Sending a heartfelt message via Hyundai to astronaut dad, recruiting 30+ moms of Brazilian soccer hooligans to serve as stadium security during what was historically the most violent game of the year, projecting children’s choking faces on pollution in China to promote air purification – this is brave and substantial stuff.

And this isn’t a new phenomenon. In recent years we’ve seen a space shuttle being towed by a Toyota truck, famous cartoon characters losing their hair in solidarity with young chemo patients and a dude jumping to Earth fuelled – at least in spirit – by Red Bull.

Go big – really, really big – or go home.

I personally love seeing creatives and agencies with the cojones to put it all on the line to do something epic. It’s like channelling Michael Bay, except with quality content.

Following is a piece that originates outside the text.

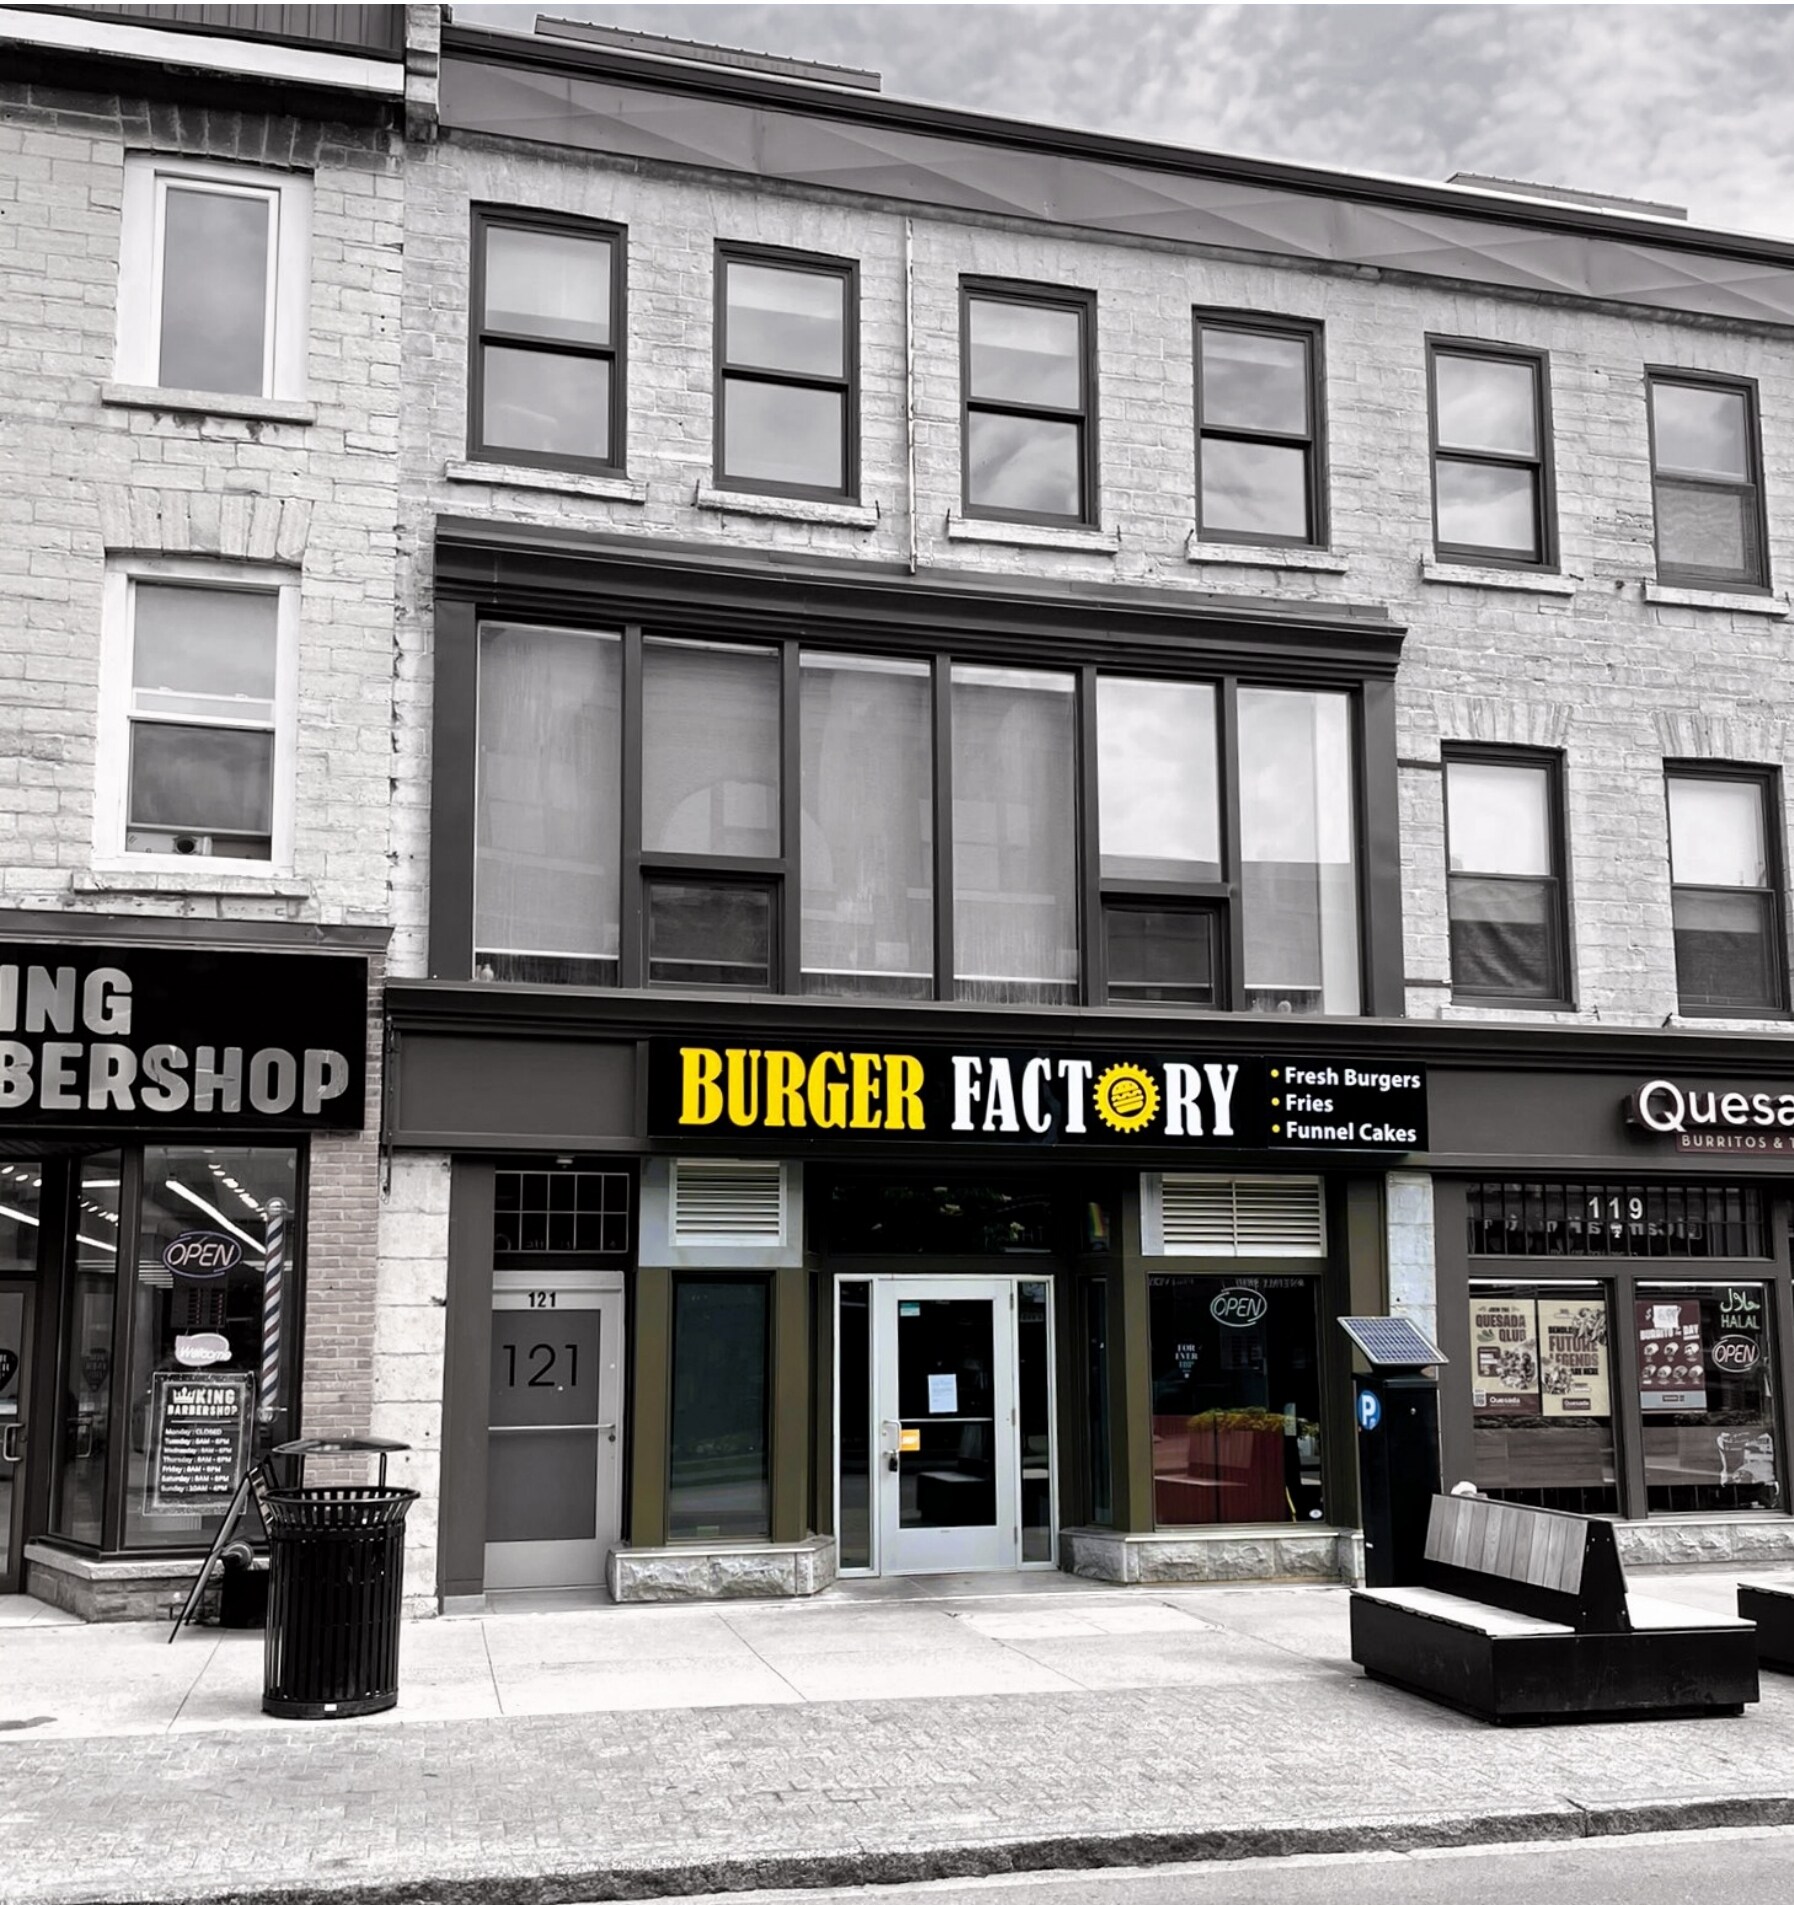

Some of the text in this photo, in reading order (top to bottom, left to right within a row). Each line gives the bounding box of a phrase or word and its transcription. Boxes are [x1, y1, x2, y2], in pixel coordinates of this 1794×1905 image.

Now I know what you’re thinking – we’re Canada and we don’t have the budgets to support something of a larger scale. Get over it. It’s still more about the size of the idea than the size of the budget.

Does it always work out? Of course not. But dreaming big can be the difference between bringing home a Gold versus a suitcase full of bitterness.

So, can we be as courageous as Honey Maid’s “This is Wholesome” campaign? That’s a tall order. But the more these kinds of big, brave efforts are fêted in Cannes, the better our chances of these kinds of ideas being culturally accepted by clients at-large.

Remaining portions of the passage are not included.